The use of Internet technology to further citizen participation is believed to hold great promise to enhance democratic governance by allowing citizens to access public information and interact with government officials, promoting better accountability of public officials to citizens through efficient and convenient delivery of services, and producing fertile ground for reinvigorated civil society (Barber, 1984; La Port et al., 2000; Scavo & Yuhang Shi, 1999). Empirical evidence suggests that some of the promises of bridging the gap among governments and citizens through enhanced interaction between citizens and government, and between citizens themselves are yet to be fulfilled (Chadwick & May, 2001; the Global e-Policy and e-Government Institute and Rutgers University e-Governance Institute, 2003; Hale, Musso & Weare, 1999; Wales, Kerns, Bend & Stern,2002; West, 2001). This chapter reviews the opportunities and challenges of Internet-based citizen participation, the trend noted in the findings of some of the empirical studies and attempts to explain the reason the Internet has failed in its putative potential to bring citizens closer to their governments.
Key Terms in this Chapter
Internet Deliberative Features: Attributes that serve as democratic outreach by facilitating communication, interaction and discussions between citizens and government.
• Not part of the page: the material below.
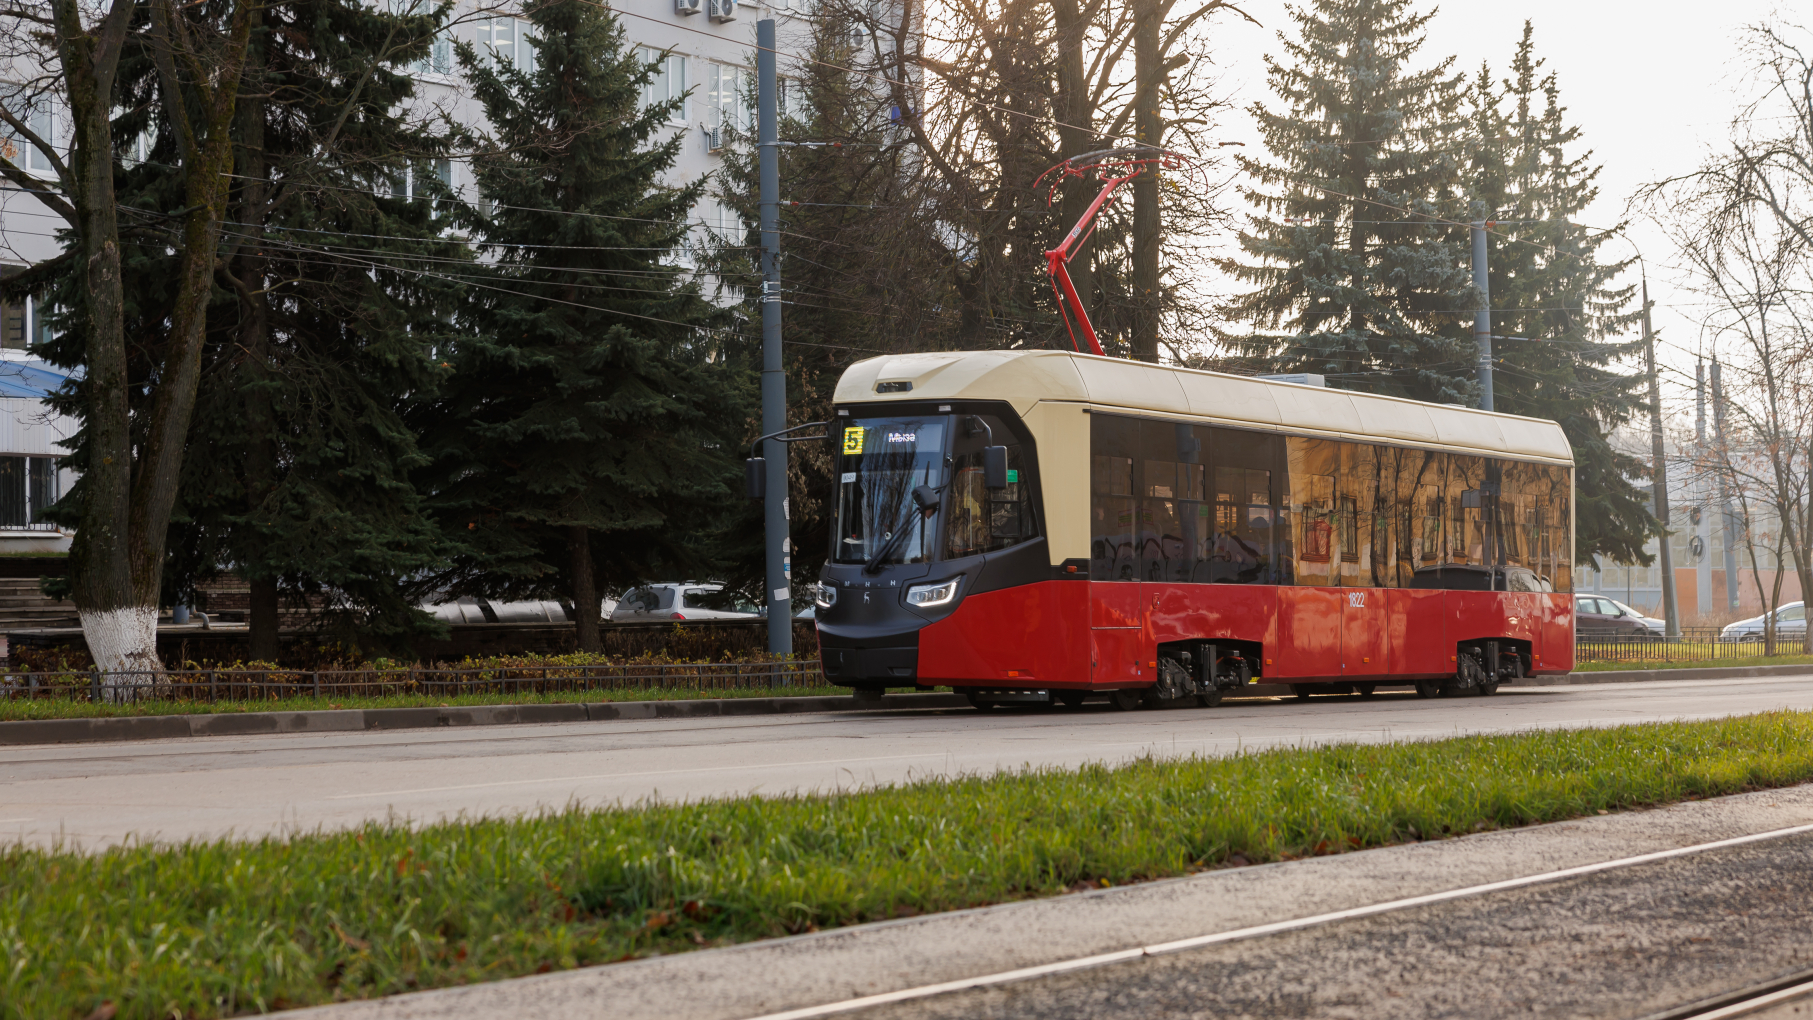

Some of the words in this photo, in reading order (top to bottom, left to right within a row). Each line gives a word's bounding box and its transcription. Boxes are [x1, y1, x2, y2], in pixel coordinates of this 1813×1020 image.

These include online discussion forums and feedback forms.
e-Management: The use of information technology to improve management of government by streamlining government business processes and improving the flow of information within government.
E-Commerce: Exchange of money for goods and services over the Internet. Examples include citizens paying taxes, and government buying office supplies via the Internet.
E-Services: Electronic delivery of government information, programs and services. This often, but not always, takes place over the Internet.
E-Democracy: The use of electronic communications technologies, such as the Internet, in enhancing democratic processes within a democratic republic or representative democracy. Typically, the kinds of enhancements sought by e-democracy proponents are framed in terms of making processes more accessible; making citizen participation in public policy decision-making more expansive and direct so as to enable broader influence in policy outcomes; increasing transparency and accountability; and keeping government closer to the consent of the governed.
Web-Enabled Governance: The use of Internet technology and the World Wide Web (WWW) to open channels of citizen participation, deliberation and integrated action among government and citizens.
Internet-Based Citizen Participation: The use of the Internet to support active citizen involvement in policy deliberations and decision making. This includes using government Websites to solicit citizens’ opinion on policies and administrative services, to allow citizens to provide online feedback to administrative agencies and the legislature, and to stimulate online public discussions on policy and the political process.
E-Government: Government’s use of information and communication technology (ICT) to exchange information and services with citizens, businesses, and other arms of government. E-government may be applied by legislature, judiciary, or administration, in order to improve internal efficiency, the delivery of public services, or processes of democratic governance. Components are e-services, e-management, e-democracy and e-commerce.